O homem contemporâneo
vivencia uma série de paradoxos. Tomado por um mal-estar constante busca
reconhecimento e, ao mesmo tempo, tem grande dificuldade de perceber e
valorizar o outro. Aqueles que atuam na gestão ou no cuidado em saúde vivem os
mesmos desafios acrescidos das pressões do mundo do trabalho, que também recaem
sobre esses profissionais. Os valores dominantes na atualidade – onde os laços
sociais se enfraquecem e o domínio privado recrudesce em detrimento do público
– parecem seguir na contramão dos princípios da Reforma Sanitária, o que coloca
um imenso desafio para o campo da saúde coletiva. Para fazer face a esse
processo em curso de descuido sistemático com as pessoas e valorização
exagerada da racionalidade, autores propõem uma abordagem diferenciada de
pesquisa e intervenção, apresentada no livro Subjetividade, Gestão e Cuidado em
Saúde: abordagens da psicossociologia, das pesquisadoras da ENSP Creuza da
Silva Azevedo e Marilene de Castilho Sá (orgs.), lançamento da Editora Fiocruz.
O livro não pretende ser
um instrumento normativo ou uma ‘caixa de ferramentas’. Apresenta, porém, uma
abordagem teórico-metodológica diferenciada que pode ser muito útil àqueles que
desejam estudar e transformar a atual dinâmica da gestão e do cuidado em saúde.
Trata-se de um caminho de investigação que vem sendo trilhado pelas
organizadoras do livro e que articula três eixos, trazendo-os para o campo da
saúde: a abordagem da psicossociologia francesa sobre as organizações e a
sociedade (de Eugène Enriquez e André Lévy); a teoria psicanalítica sobre os
processos intersubjetivos e grupais (de René Kaës); e a psicodinâmica do
trabalho (de Christophe Dejours).
A coletânea tem 14
capítulos e está dividida em duas partes.
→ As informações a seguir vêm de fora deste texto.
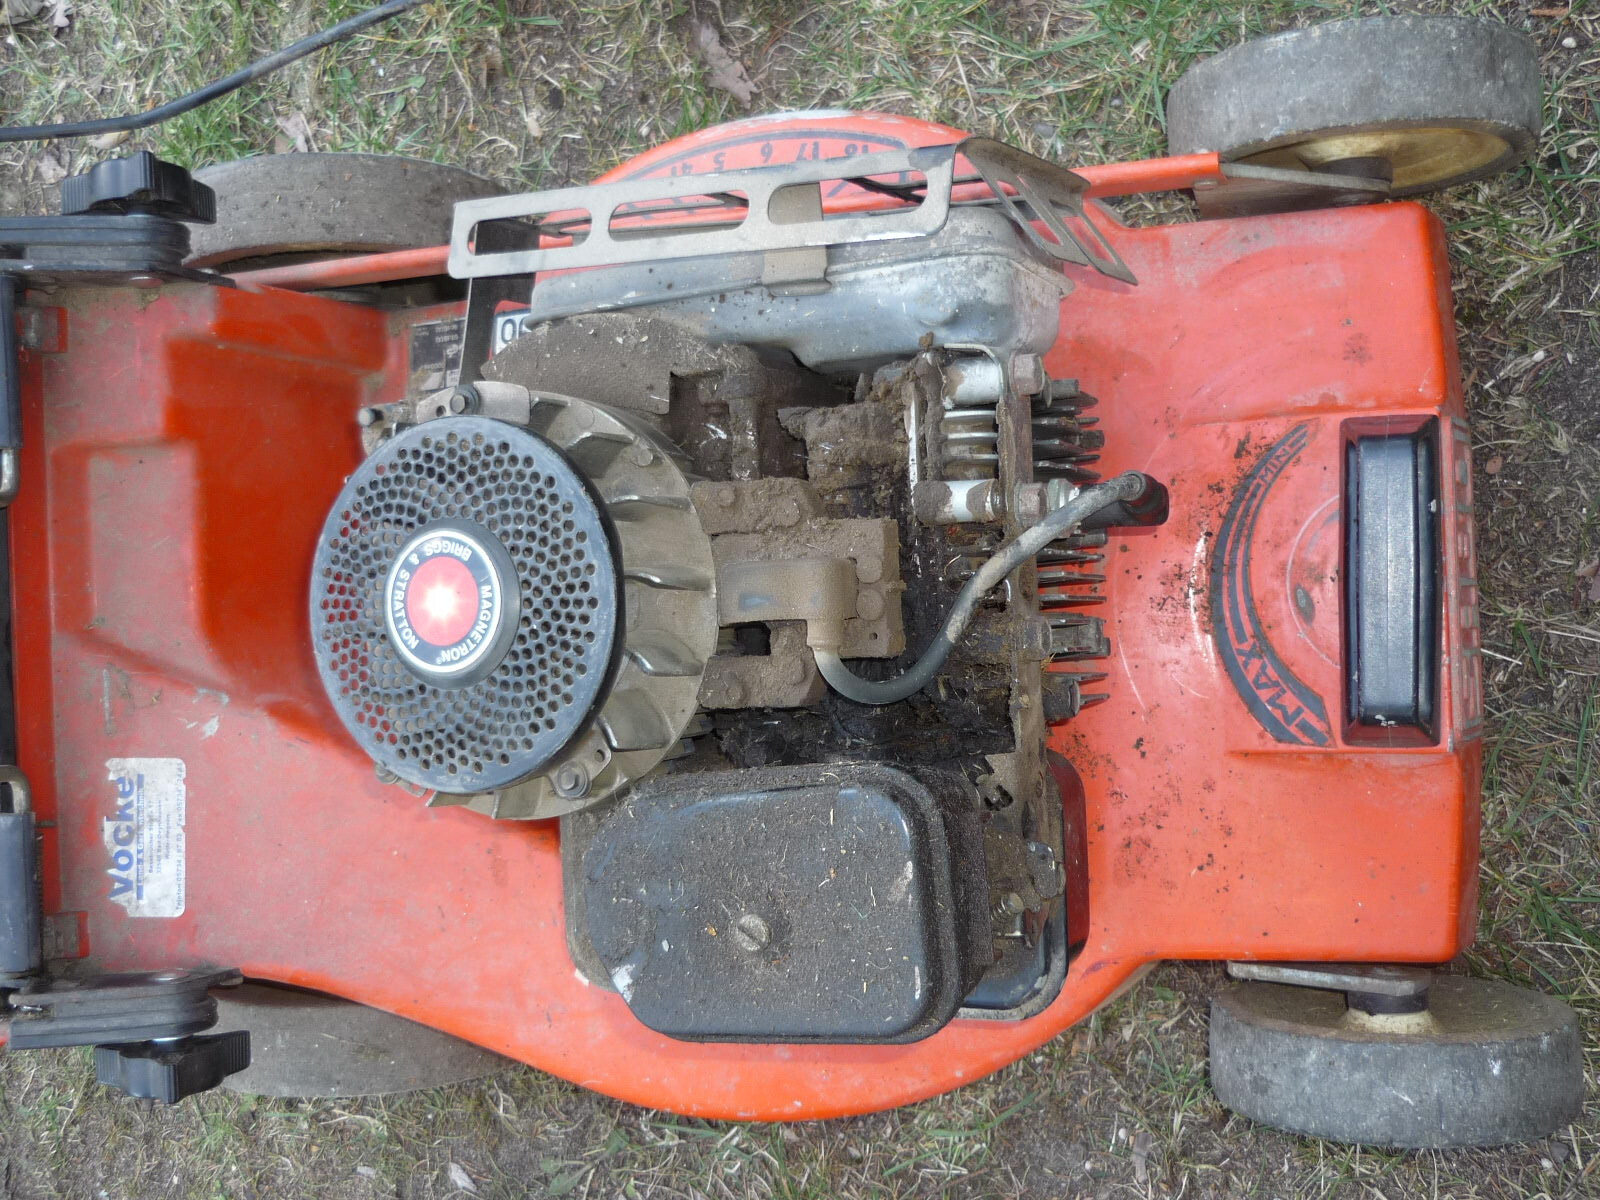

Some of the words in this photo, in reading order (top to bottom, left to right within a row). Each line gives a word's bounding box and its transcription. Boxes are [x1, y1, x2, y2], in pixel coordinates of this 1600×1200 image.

[1257, 446, 1292, 486] MIN
[408, 552, 420, 566] &
[423, 540, 473, 562] BRIGGS
[391, 569, 420, 650] STRATTON
[1235, 646, 1305, 727] MAX
[107, 775, 136, 899] Vocke
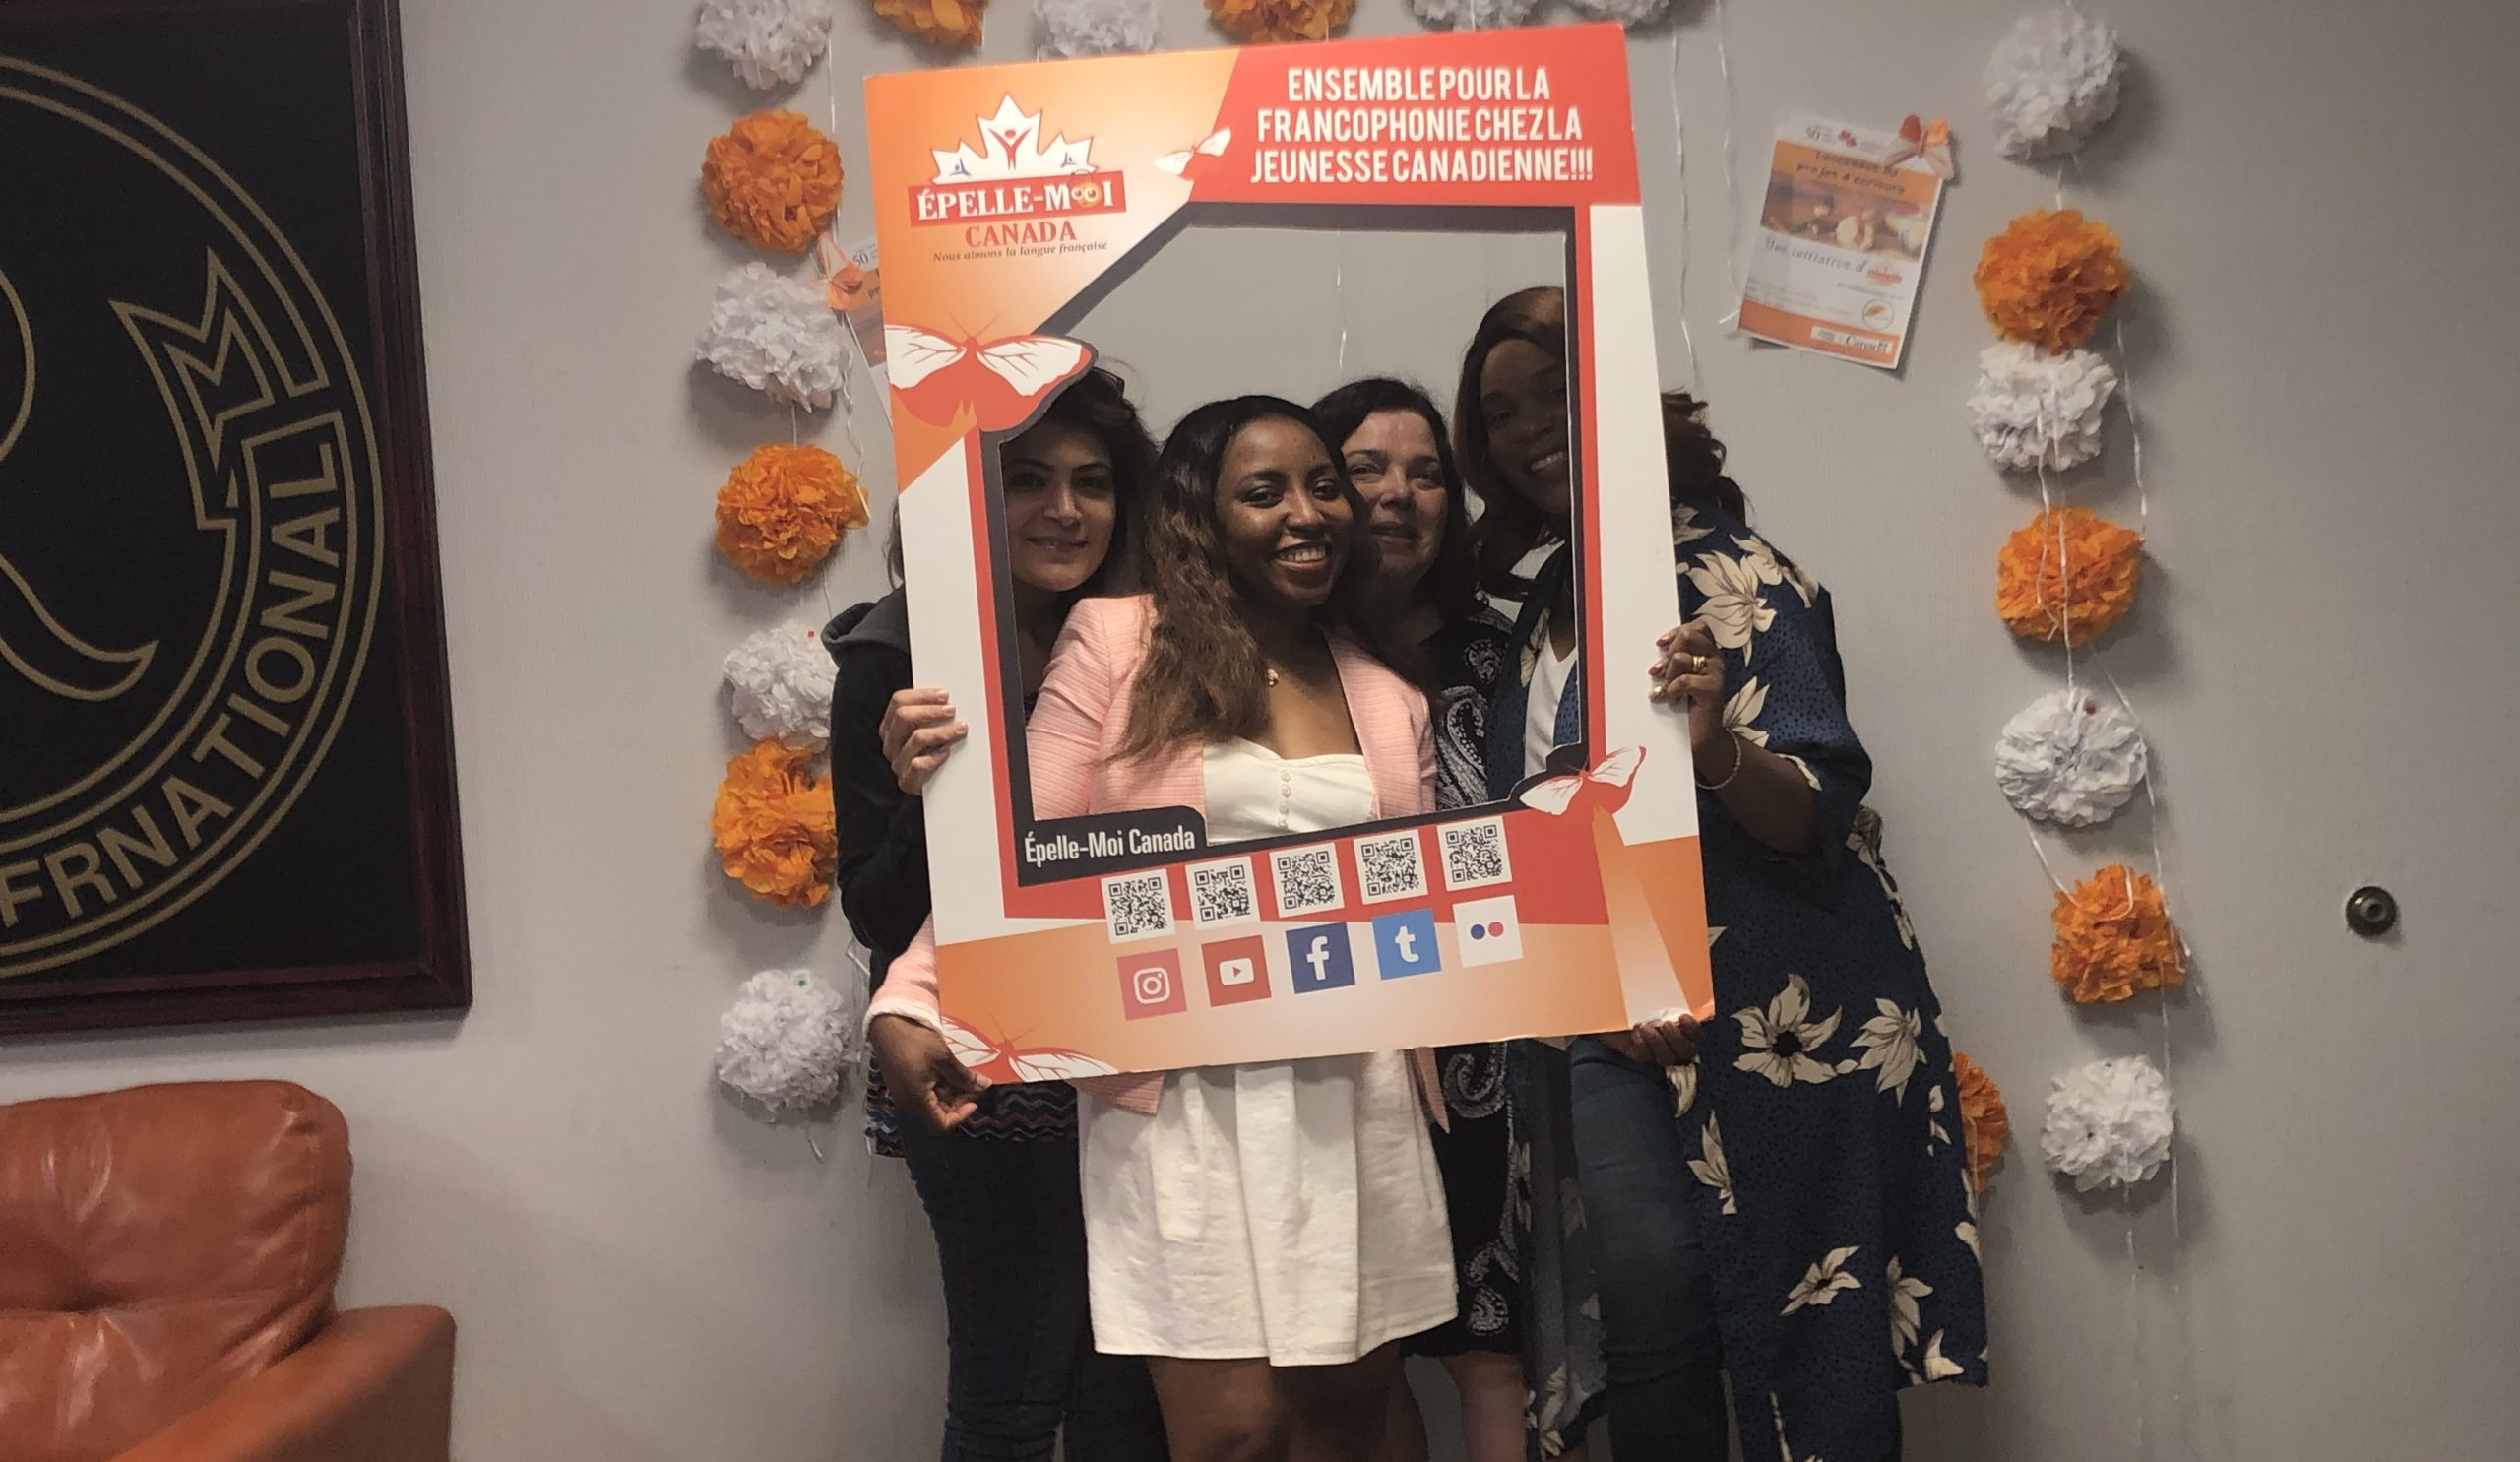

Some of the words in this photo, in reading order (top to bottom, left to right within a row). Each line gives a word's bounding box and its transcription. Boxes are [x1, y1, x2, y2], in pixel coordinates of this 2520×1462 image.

[1288, 67, 1435, 102] ENSEMBLE
[1440, 66, 1512, 101] POUR
[1516, 66, 1550, 101] LA
[1257, 107, 1471, 143] FRANCOPHONIE
[1474, 107, 1544, 141] CHEZ
[1548, 105, 1583, 141] LA
[1250, 149, 1388, 183] JEUNESSE
[1393, 147, 1594, 182] CANADIENNE!!!
[932, 252, 961, 263] Nous
[964, 250, 1002, 261] aimons
[1006, 247, 1016, 257] la
[1020, 245, 1056, 257] langue
[1059, 240, 1108, 256] française
[965, 221, 1077, 248] CANADA
[1024, 830, 1124, 868] Épelle-Moi
[1129, 825, 1195, 855] Canada
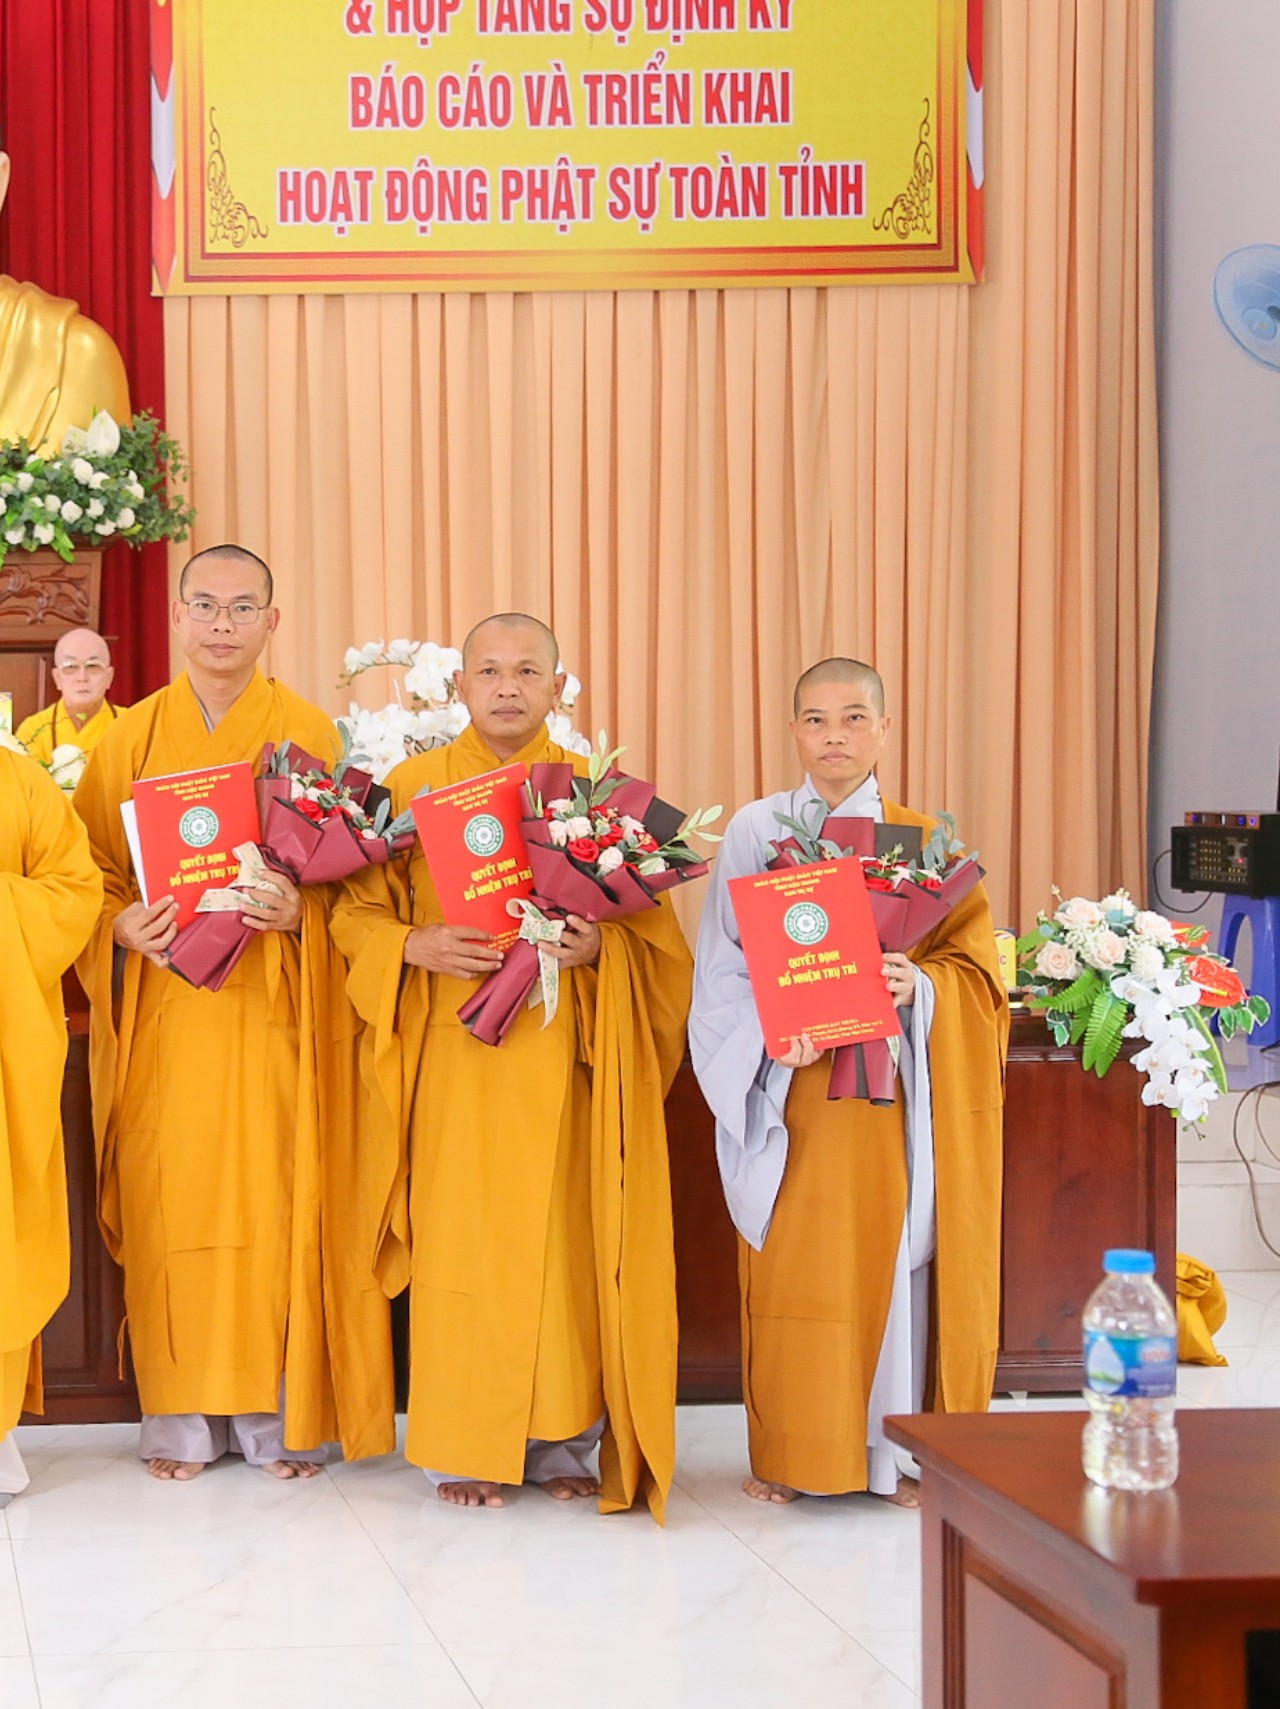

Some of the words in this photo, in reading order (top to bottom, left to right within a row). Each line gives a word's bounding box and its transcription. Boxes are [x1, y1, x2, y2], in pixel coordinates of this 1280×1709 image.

A primeira traz uma discussão
teórico-conceitual e se encerra com a exposição de bases metodológicas para a
abordagem proposta – são as contribuições das narrativas de vida e da clínica
psicossociológica. Ao longo de todo o livro, evidenciam-se os desafios
colocados pela dimensão subjetiva do processo de trabalho em saúde, altamente
exigente de elaborações psíquicas e de inventividade, em virtude do contato
diário com a dor, a morte e o sofrimento alheios. Do mesmo modo, colocam-se os
desafios para o trabalho gerencial, que, pela centralidade de sua dimensão
intersubjetiva, assim como o trabalho em saúde, apresenta elevado grau de
descontrole.
Creuza e Marilene, ambas
doutoras em psicologia e pesquisadoras da Escola Nacional de Saúde Pública
(ENSP/Fiocruz), apoiadas na leitura psicossociológica sobre as organizações e o
imaginário social, compreendem os serviços de saúde como um universo simbólico
e imaginário. De acordo com as organizadoras do livro, as possibilidades de
mudança dependem do fortalecimento de dispositivos e processos de gestão e de
organização do trabalho que favoreçam aos gestores e trabalhadores o acesso a
sua própria subjetividade. Desse modo, eles reconheceriam as fontes de seu
sofrimento e prazer no trabalho, os vínculos afetivos que os ligam à
organização e o sentido do trabalho em suas vidas.
Já a segunda parte do livro
reúne estudos empíricos e exemplos de intervenções orientados pela abordagem
proposta pelas organizadoras. São pesquisas e/ou ações em hospitais, em
serviços de atenção psicossocial, em uma unidade de saúde da família e em um
serviço especializado de oncologia pediátrica, além de uma intervenção clínica
psicossociológica em um curso de gestão da Ensp. Apesar das fragilidades
identificadas nas práticas predominantes no SUS, analisam-se as possibilidades
de mudança no cuidado e na gestão, pautadas pela capacidade de escuta, pelos
espaços de diálogo e troca e pela inventividade no cotidiano do trabalho.
As diferentes
experiências apresentadas buscam ressaltar que o cuidado e a gestão, quando
demasiadamente centrados na racionalidade médica e instrumental, podem não só
dificultar a solidariedade entre os sujeitos, mas também agravar a indiferença
em relação ao sofrimento do outro. Neste sentido, os trabalhos apresentados na
segunda parte do livro demonstram a importância da dimensão subjetiva e dos
processos intersubjetivos na produção do cuidado, na gestão e na própria
formação dos profissionais de saúde.
Assim, Subjetividade,
Gestão e Cuidado em Saúde: abordagens da psicossociologia traz a necessidade de
se ampliar o foco de análise e de intervenção nos processos organizacionais. O
livro sinaliza a importância dos aspectos histórico, institucional, individual
e grupal, entre outros, como recortes que se articulam na explicação dos
problemas e desafios dos serviços de saúde.